Work required:
Would you please copy the entries exactly, leaving every picture aside?
------------------------------------
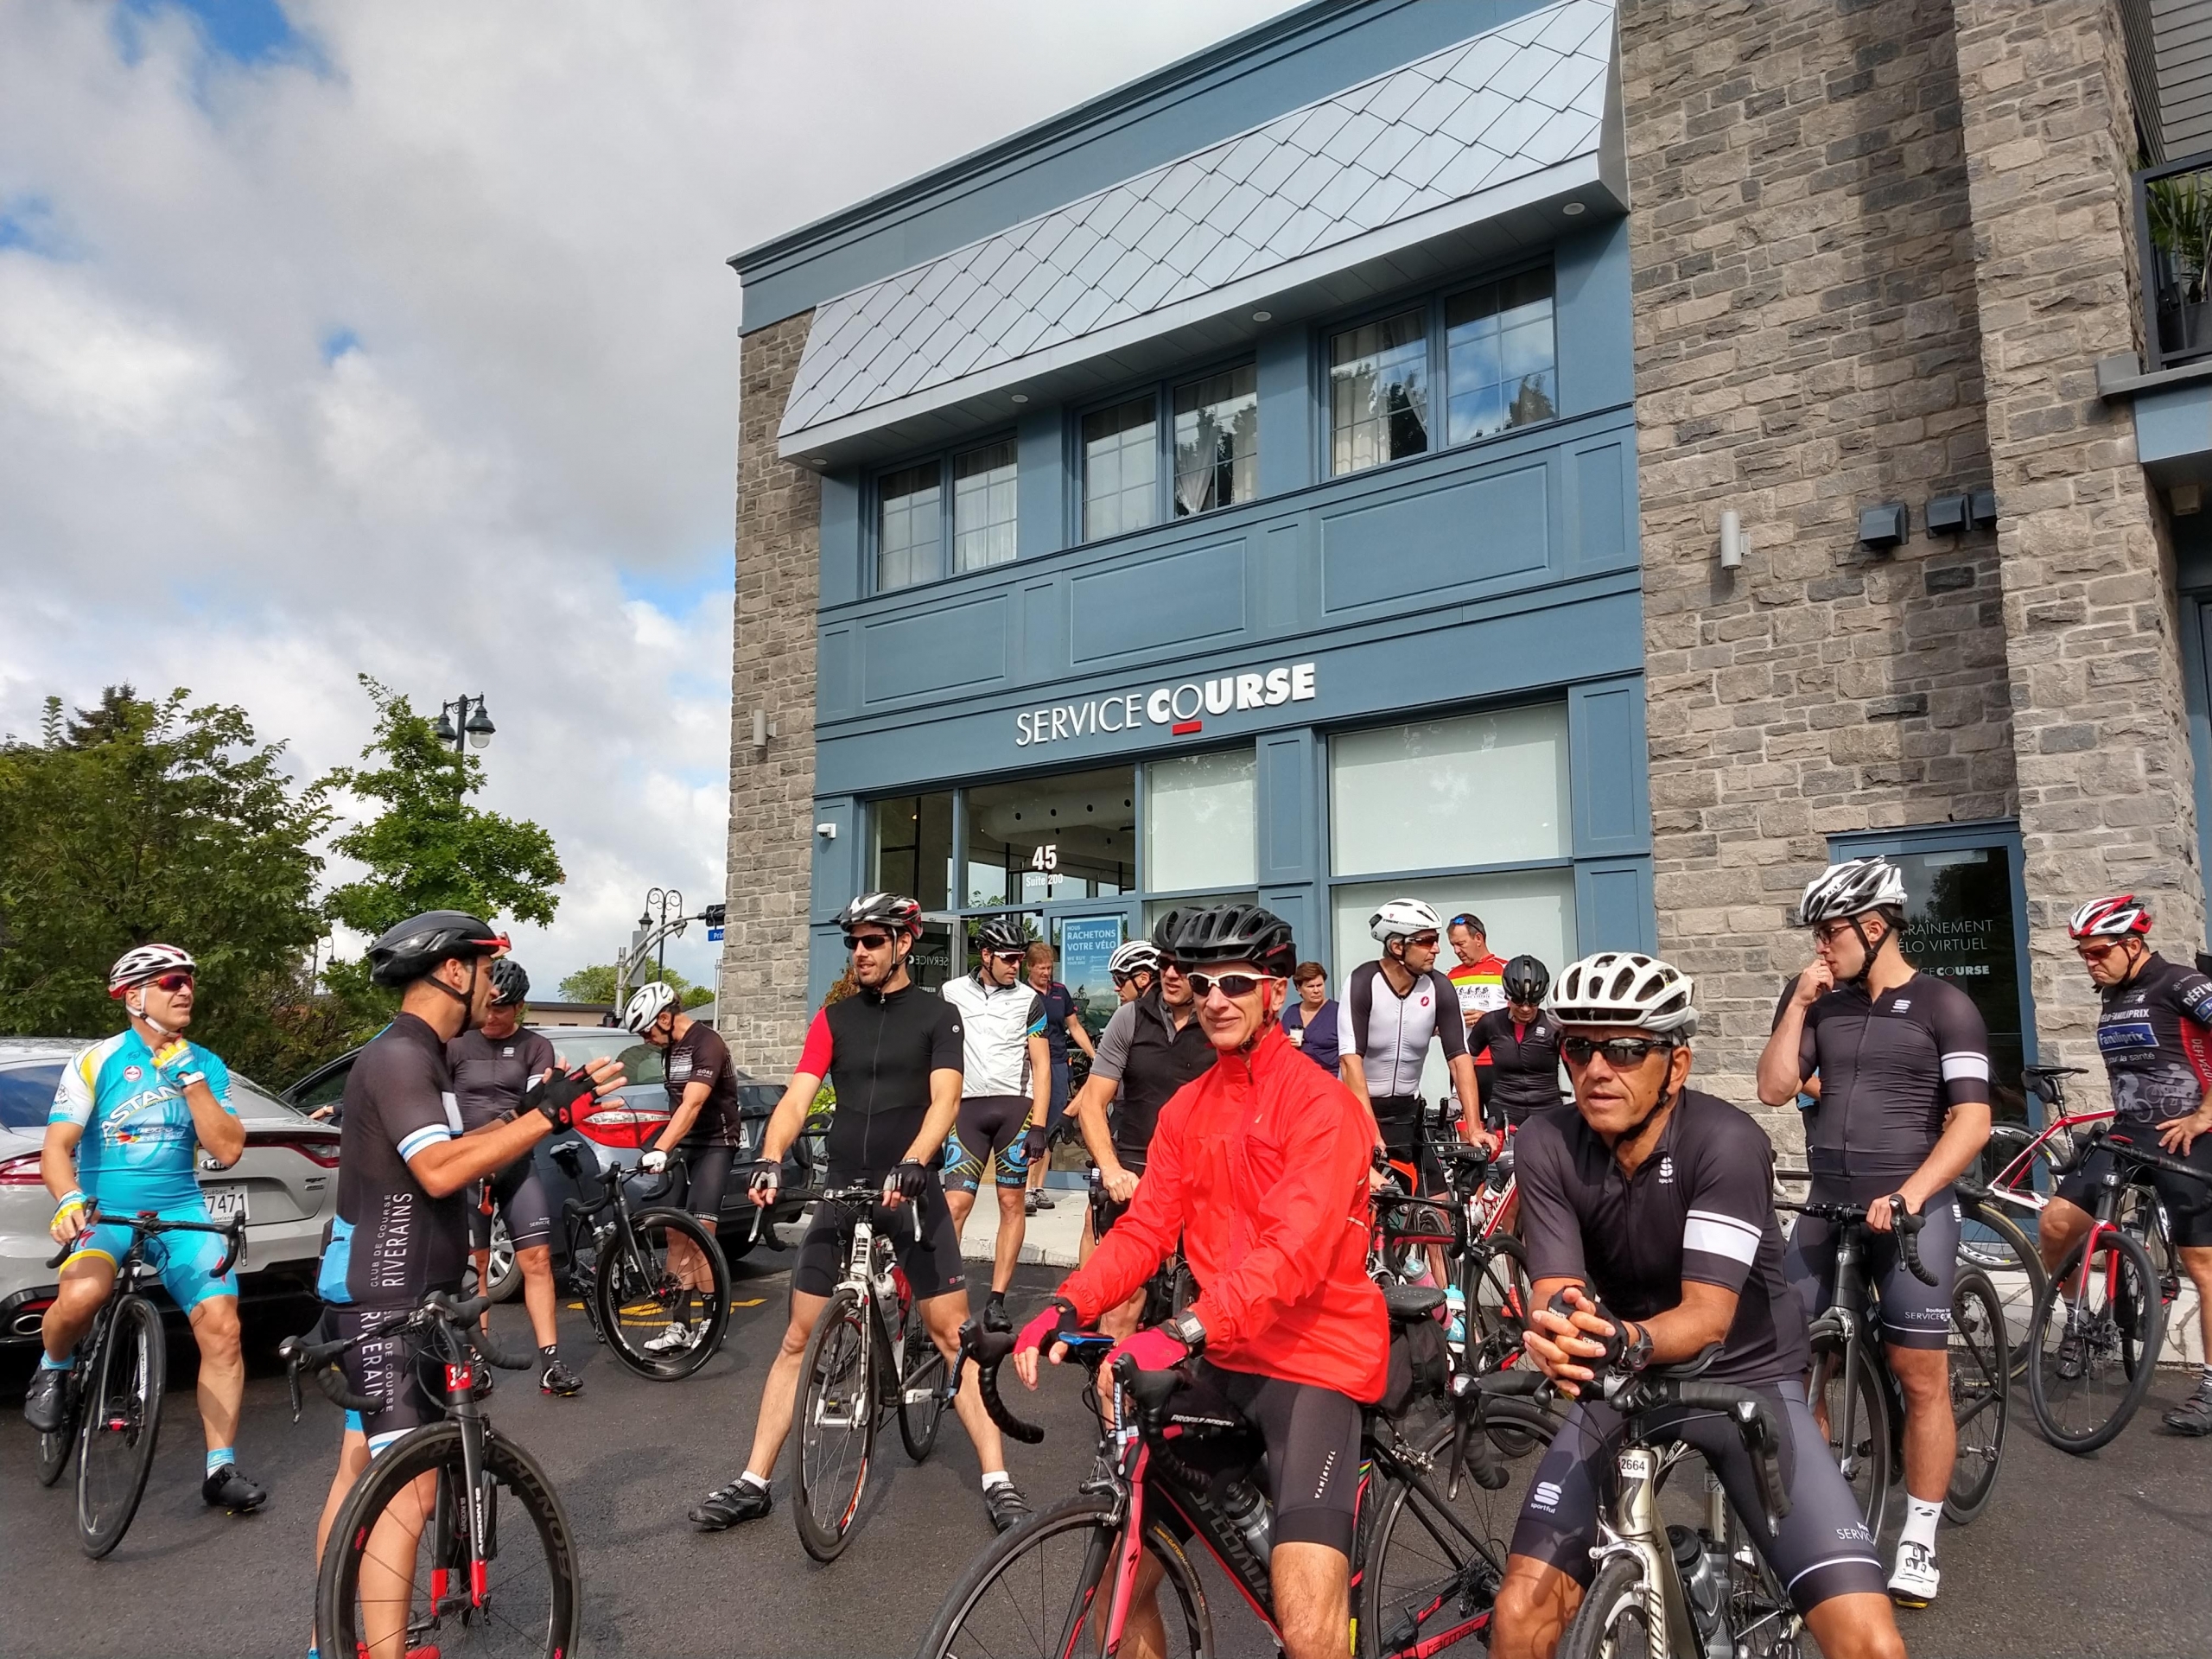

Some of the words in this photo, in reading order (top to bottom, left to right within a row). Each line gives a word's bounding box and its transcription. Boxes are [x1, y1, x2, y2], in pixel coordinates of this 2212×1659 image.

[1032, 844, 1058, 871] 45
[1026, 875, 1046, 887] Suite
[1047, 874, 1064, 886] 200
[1902, 919, 1993, 936] RAÎNEMENT
[1066, 929, 1116, 941] RACHETONS
[1066, 942, 1094, 951] VOTRE
[1095, 939, 1116, 950] VÉLO
[1929, 938, 1987, 951] VIRTUEL
[378, 1194, 391, 1238] COURSE
[382, 1192, 413, 1287] RIVERAINS
[373, 1243, 383, 1257] DE
[370, 1262, 379, 1287] CLUB
[385, 1363, 394, 1413] COURSE
[1621, 1459, 1645, 1471] 2664
[1530, 1502, 1556, 1515] sportful
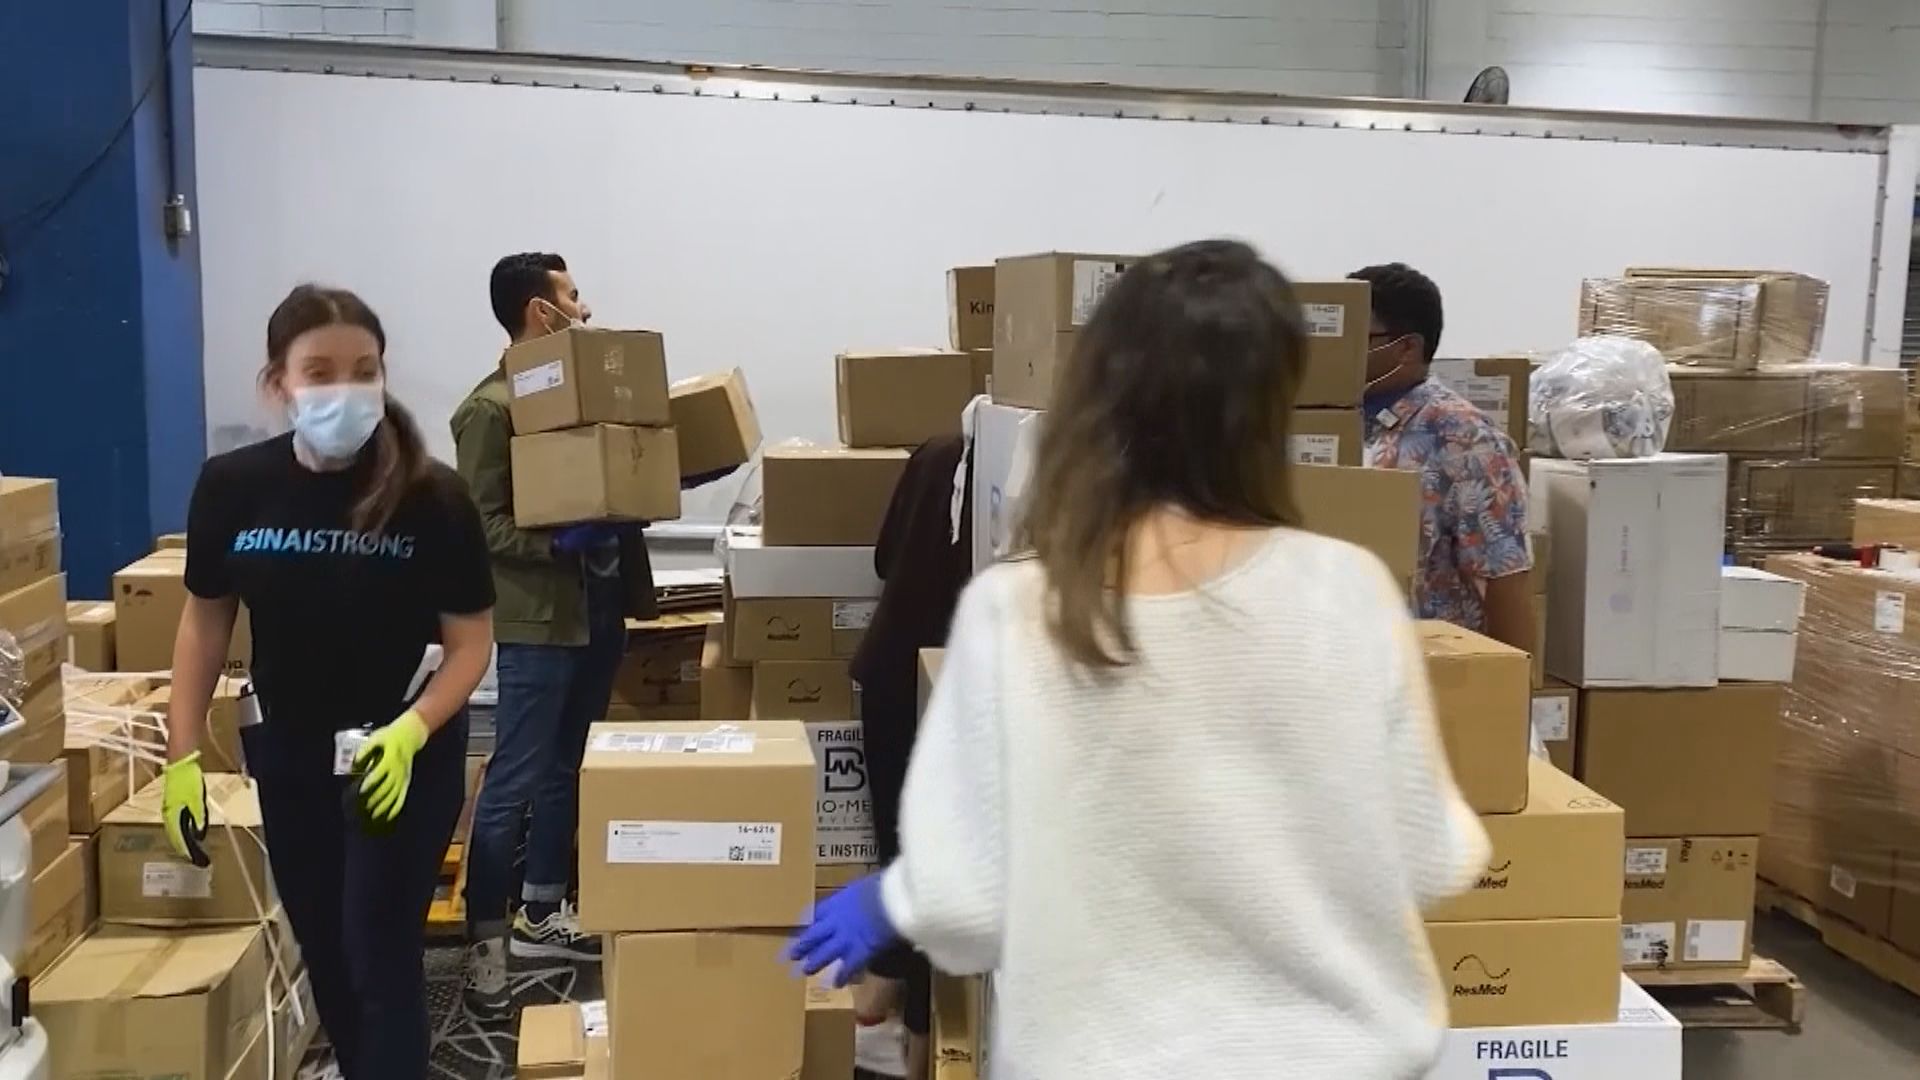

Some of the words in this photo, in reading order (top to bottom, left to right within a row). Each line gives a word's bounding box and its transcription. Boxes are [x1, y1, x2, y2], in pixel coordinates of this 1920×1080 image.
------------------------------------
Completed task:
Some of the words in this photo, in reading order (top to bottom, left to right within a row). Each line gives a word's bounding box and its transcription. Boxes are [x1, y1, x2, y2], in pixel coordinates of this 2212×1659 image.

[1032, 844, 1058, 871] 45
[1026, 875, 1046, 887] Suite
[1047, 874, 1064, 886] 200
[1902, 919, 1993, 936] RAÎNEMENT
[1066, 929, 1116, 941] RACHETONS
[1066, 942, 1094, 951] VOTRE
[1095, 939, 1116, 950] VÉLO
[1929, 938, 1987, 951] VIRTUEL
[378, 1194, 391, 1238] COURSE
[382, 1192, 413, 1287] RIVERAINS
[373, 1243, 383, 1257] DE
[370, 1262, 379, 1287] CLUB
[385, 1363, 394, 1413] COURSE
[1621, 1459, 1645, 1471] 2664
[1530, 1502, 1556, 1515] sportful

Some of the words in this photo, in reading order (top to bottom, left to right within a row). Each line gives a word's bounding box and its transcription. Boxes are [x1, y1, x2, y2], in pixel coordinates of this 1920×1080 image.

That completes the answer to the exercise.